**Work to be completed**
What you write must be the listing below in full, word for word, minus its pictures.

·····

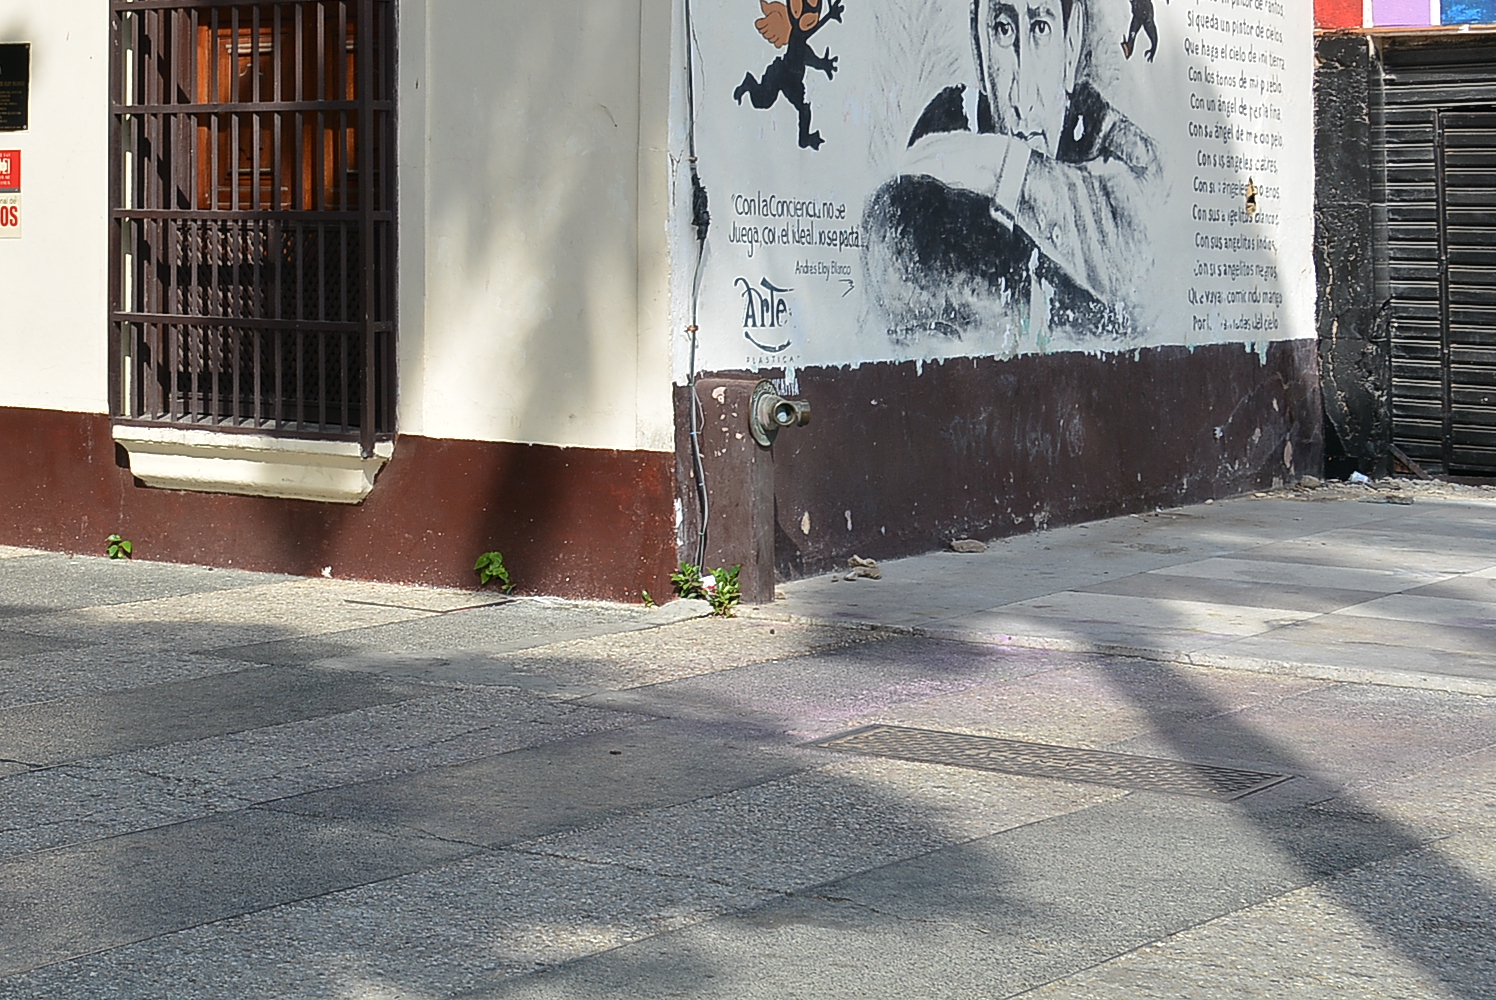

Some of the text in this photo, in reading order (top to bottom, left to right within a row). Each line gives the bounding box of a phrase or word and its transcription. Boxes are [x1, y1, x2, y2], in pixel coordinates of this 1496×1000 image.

[1187, 10, 1194, 28] Si
[1195, 13, 1219, 33] queda
[1220, 19, 1230, 33] un
[1232, 18, 1254, 37] pintor
[1255, 20, 1264, 39] de
[1184, 37, 1200, 56] Que
[1201, 38, 1219, 62] haga
[1220, 43, 1228, 60] el
[1229, 45, 1247, 62] cielo
[1248, 43, 1257, 63] de
[1188, 65, 1203, 82] Con
[1204, 65, 1215, 85] los
[1215, 70, 1236, 88] tonos
[1238, 69, 1247, 89] de
[1190, 92, 1205, 110] Con
[1238, 97, 1248, 116] de
[1188, 121, 1204, 137] Con
[1235, 124, 1244, 141] de
[1197, 149, 1212, 167] Con
[1193, 176, 1208, 193] Con
[757, 190, 769, 217] la
[1192, 203, 1207, 221] Con
[1208, 208, 1220, 222] sus
[781, 221, 790, 245] el
[826, 229, 838, 247] se
[1195, 232, 1209, 249] Con
[1210, 236, 1223, 250] sus
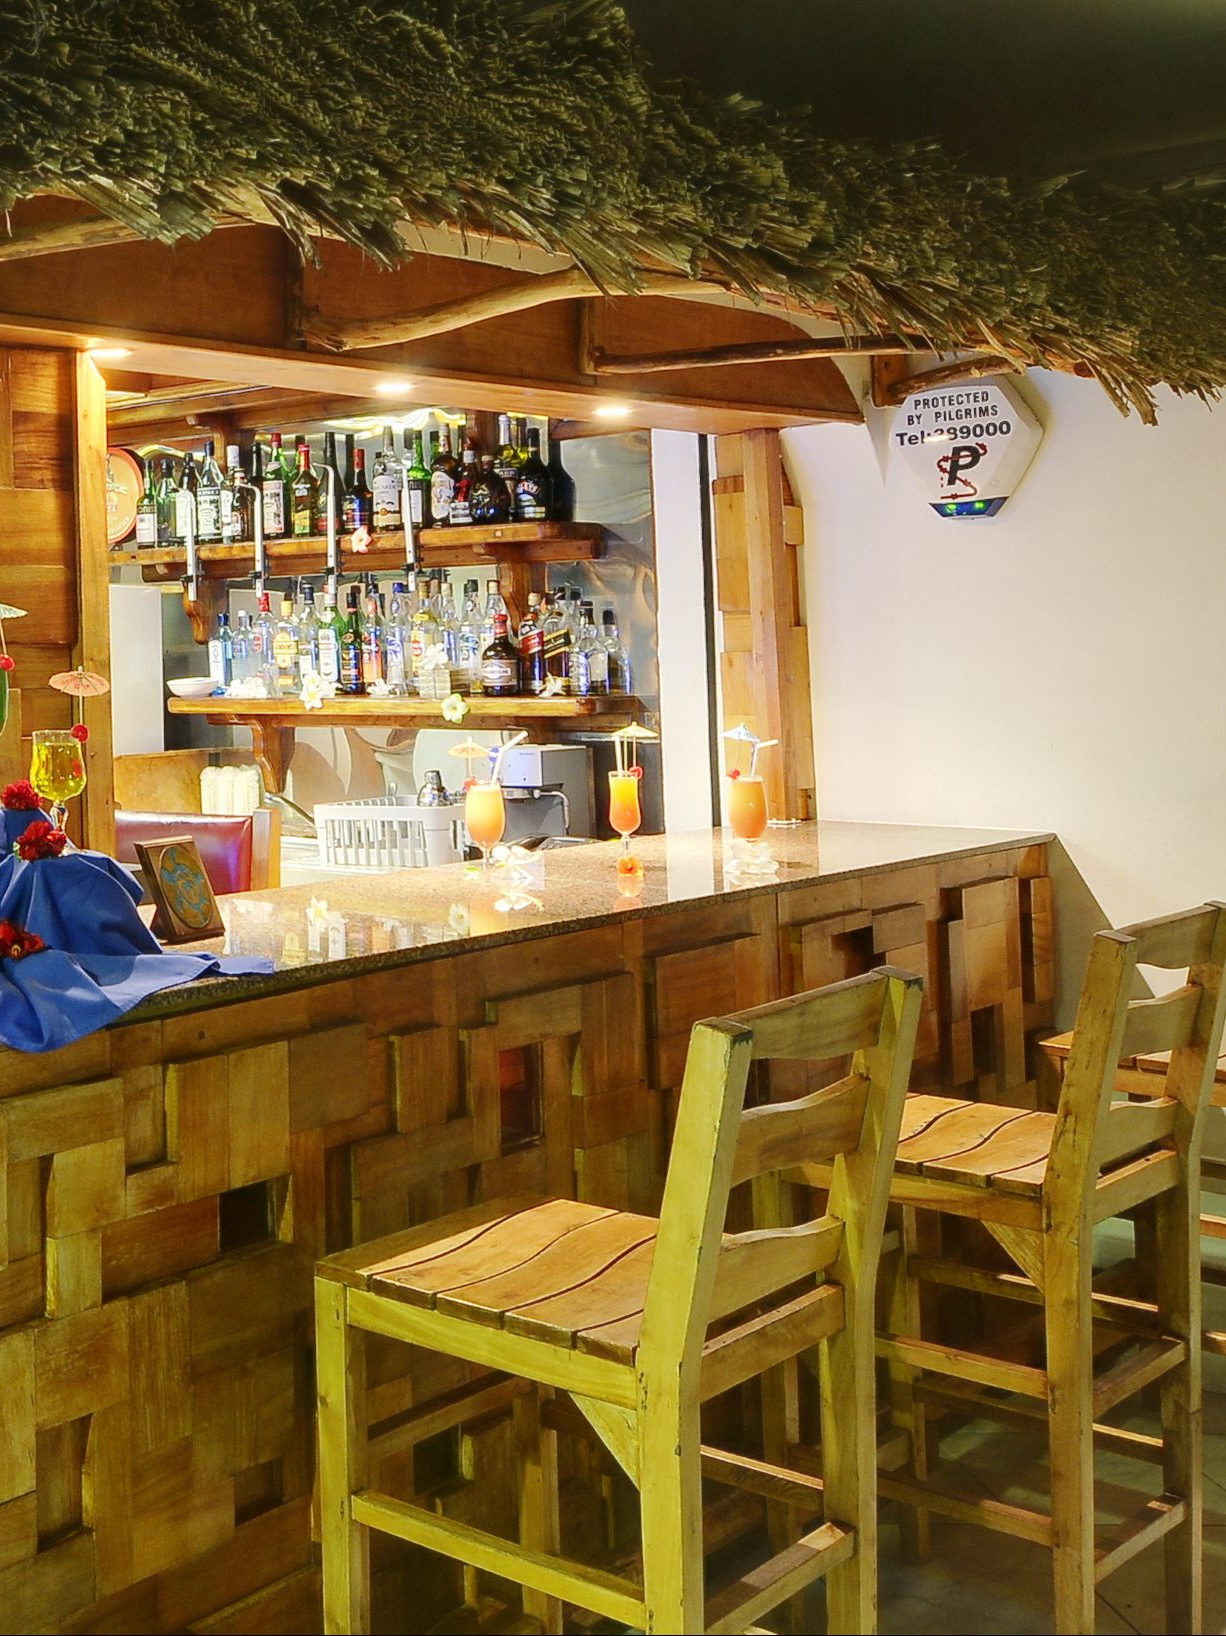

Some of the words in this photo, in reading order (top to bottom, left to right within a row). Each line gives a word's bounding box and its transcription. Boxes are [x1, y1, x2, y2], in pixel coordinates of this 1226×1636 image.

·····

**Answer to this exercise**
Some of the text in this photo, in reading order (top to bottom, left to right within a row). Each line gives the bounding box of a phrase or word and its transcription. Boxes are [x1, y1, x2, y2], in pixel coordinates of this 1496×1000 image.

[1187, 10, 1194, 28] Si
[1195, 13, 1219, 33] queda
[1220, 19, 1230, 33] un
[1232, 18, 1254, 37] pintor
[1255, 20, 1264, 39] de
[1184, 37, 1200, 56] Que
[1201, 38, 1219, 62] haga
[1220, 43, 1228, 60] el
[1229, 45, 1247, 62] cielo
[1248, 43, 1257, 63] de
[1188, 65, 1203, 82] Con
[1204, 65, 1215, 85] los
[1215, 70, 1236, 88] tonos
[1238, 69, 1247, 89] de
[1190, 92, 1205, 110] Con
[1238, 97, 1248, 116] de
[1188, 121, 1204, 137] Con
[1235, 124, 1244, 141] de
[1197, 149, 1212, 167] Con
[1193, 176, 1208, 193] Con
[757, 190, 769, 217] la
[1192, 203, 1207, 221] Con
[1208, 208, 1220, 222] sus
[781, 221, 790, 245] el
[826, 229, 838, 247] se
[1195, 232, 1209, 249] Con
[1210, 236, 1223, 250] sus

Some of the words in this photo, in reading order (top to bottom, left to right within a row). Each line gives a word's bounding box and its transcription. Boxes are [x1, y1, x2, y2], in pixel coordinates of this 1226×1636 image.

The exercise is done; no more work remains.